Notre attitude politique et diplomatique consiste à continuer à faire pression, grâce au « format Normandie », afin de faire respecter l'accord de Minsk II. Toute une série de conversations ont eu lieu entre les quatre principaux responsables que sont les ministres des affaires étrangères et l'OSCE. L'OSCE, qui est beaucoup plus impliquée que dans l'accord de Minsk I, dispose de moyens supplémentaires, et joue un rôle très utile.

Le débat est par ailleurs remonté jusqu'à l'ONU pour que celle-ci « endosse » l'accord.

Nous allons continuer à exercer une pression par l'intermédiaire du « format Normandie », nous appuyer sur l'OSCE, et obliger autant que possible M. Poutine et les séparatistes à respecter leur signature.

Je ne vous cache pas ma grande inquiétude pour le sort des habitants de Debaltsevo.
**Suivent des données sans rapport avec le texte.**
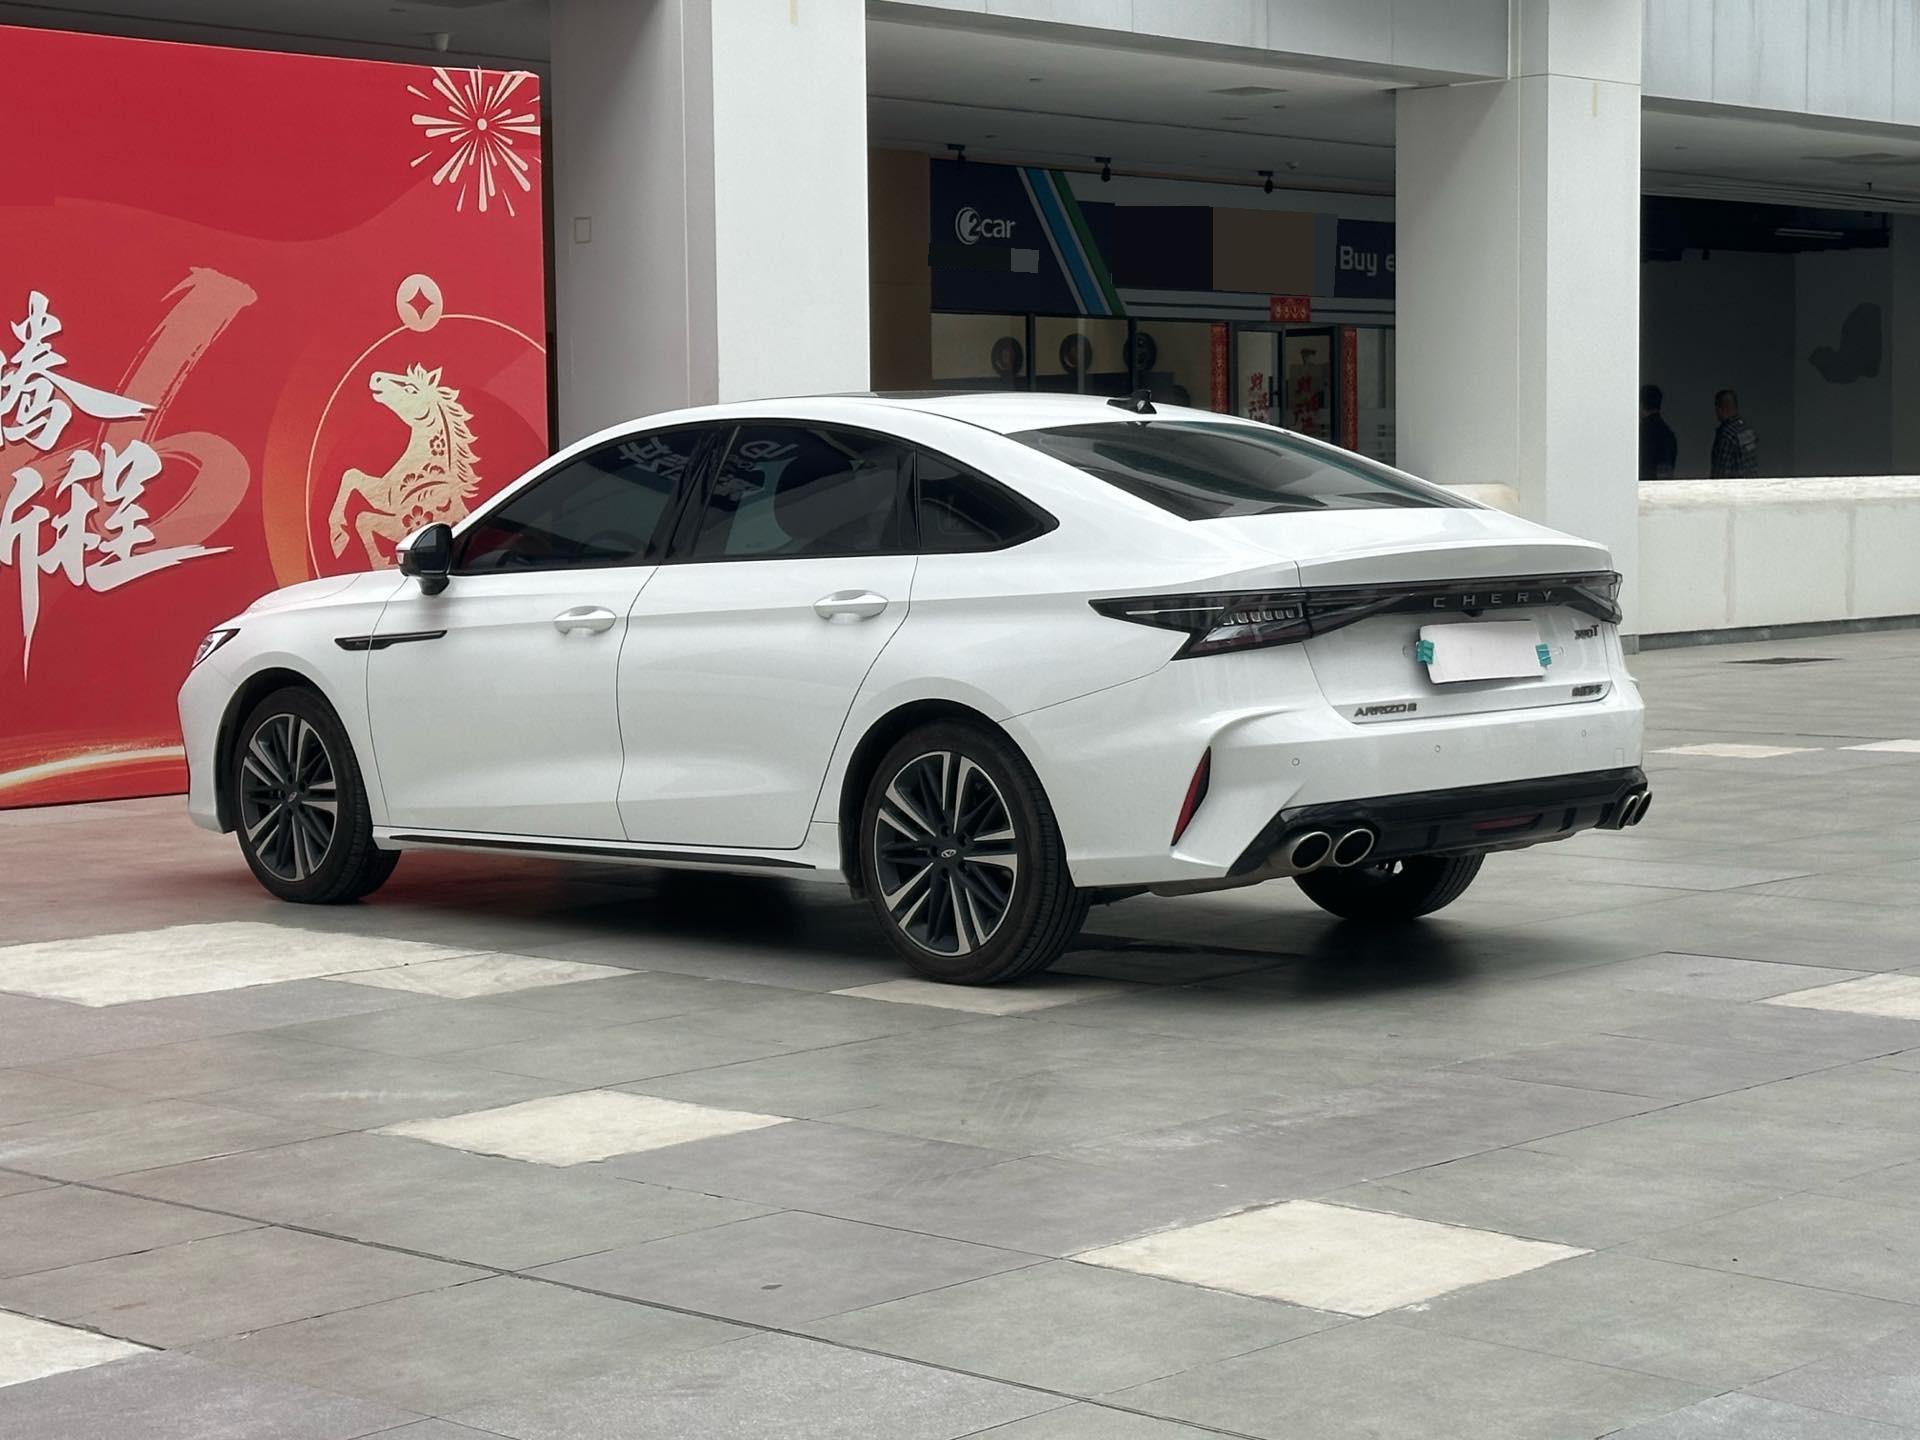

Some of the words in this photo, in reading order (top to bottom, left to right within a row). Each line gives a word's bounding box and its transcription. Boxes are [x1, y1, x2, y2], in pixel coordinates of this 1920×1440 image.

[1340, 245, 1377, 277] Buy
[1432, 590, 1552, 608] CHERY
[1354, 703, 1407, 717] ARRIZO
Comment faire pour qu'ils en sortent vivants et pour en extirper les armes lourdes ?

Telle est la situation à l'instant où je vous parle.

M. Jean-Pierre Raffarin, président. - La parole est aux commissaires.
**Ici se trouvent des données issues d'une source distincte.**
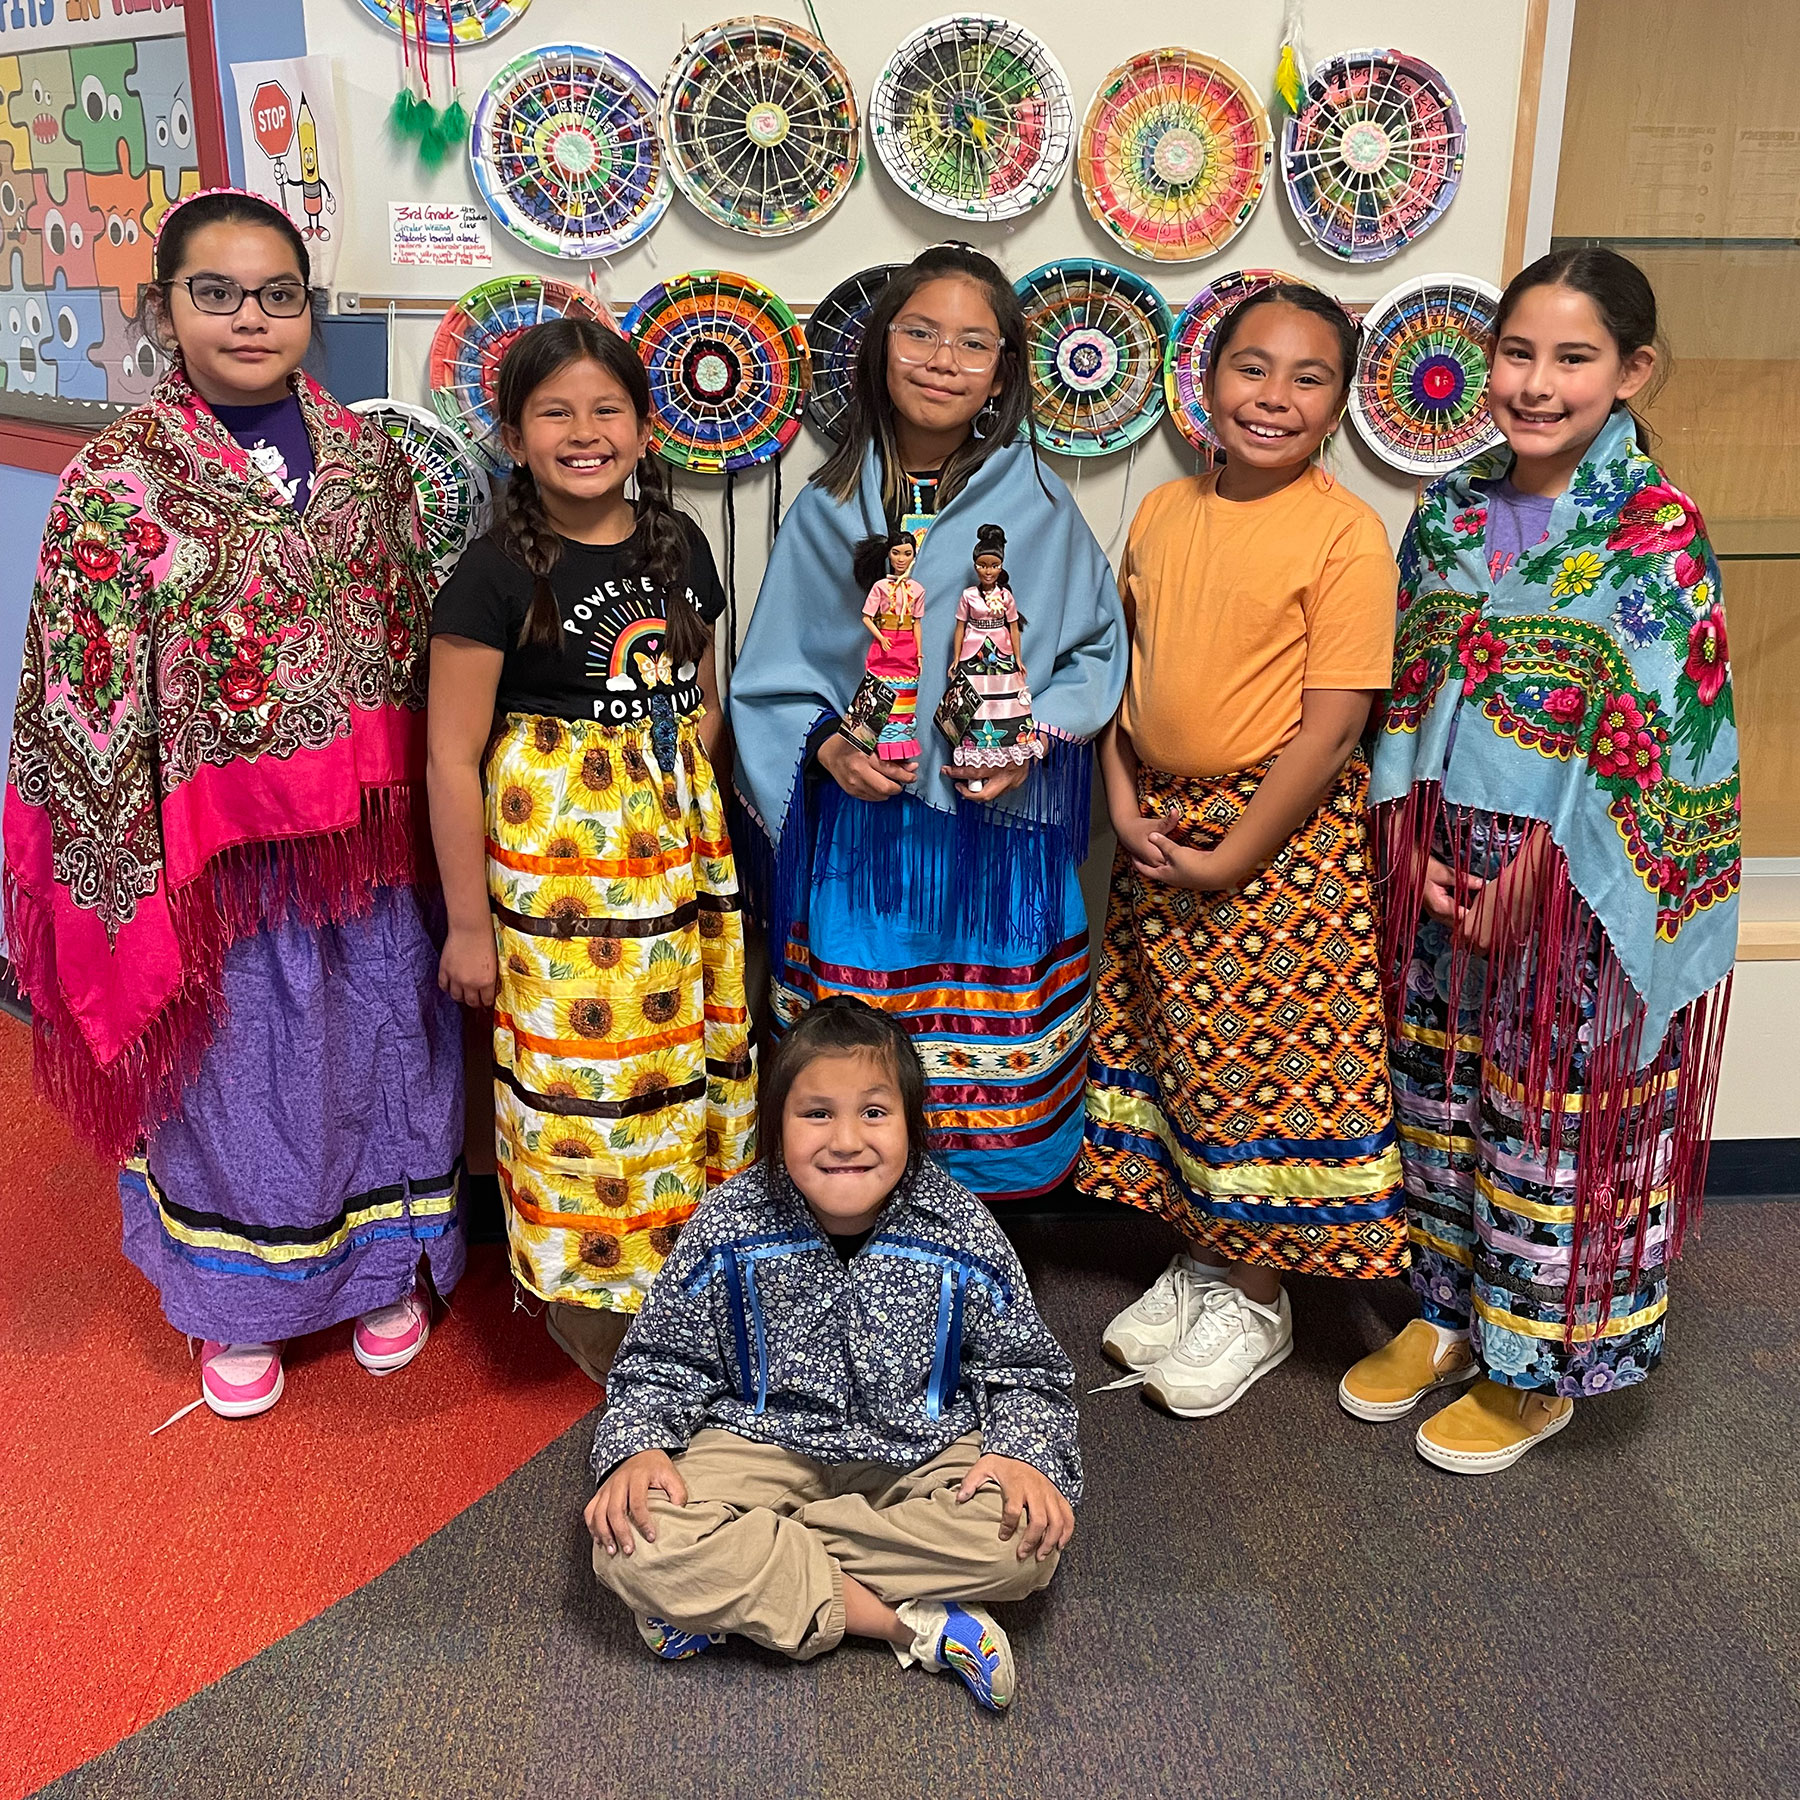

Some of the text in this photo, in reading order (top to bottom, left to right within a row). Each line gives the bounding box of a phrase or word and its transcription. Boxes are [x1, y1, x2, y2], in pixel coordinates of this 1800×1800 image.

[257, 105, 287, 133] STOP
[394, 206, 422, 221] 3rd
[424, 205, 459, 221] Grade
[394, 229, 480, 243] Students learned about
M. Jean-Marie Bockel. - Monsieur le ministre, quel système pourrait, selon vous, avoir des chances de concourir à une paix durable ?

Par ailleurs, croyez-vous que tout ceci va avoir une influence positive sur l'Europe de la sécurité et de la défense ?

Mme Josette Durrieu. - Monsieur le ministre, vous avez répondu par avance à un certain nombre des questions que je souhaitais vous poser.

M. Poutine a une stratégie qui peut s'appliquer à d'autres situations : il ne commet jamais aucune agression, mais s'installe dans une situation et laisse le conflit s'enliser. Est-ce la voie vers laquelle on s'achemine ? À ce propos, la Moldavie, qui est très ²proche et qui peut constituer la proie suivante, n'arrive pas à mettre de gouvernement en place. Or, les candidats favorables à M. Poutine ont obtenu, en valeur relative, plus de voix que les autres aux dernières élections législatives. C'est assez inquiétant...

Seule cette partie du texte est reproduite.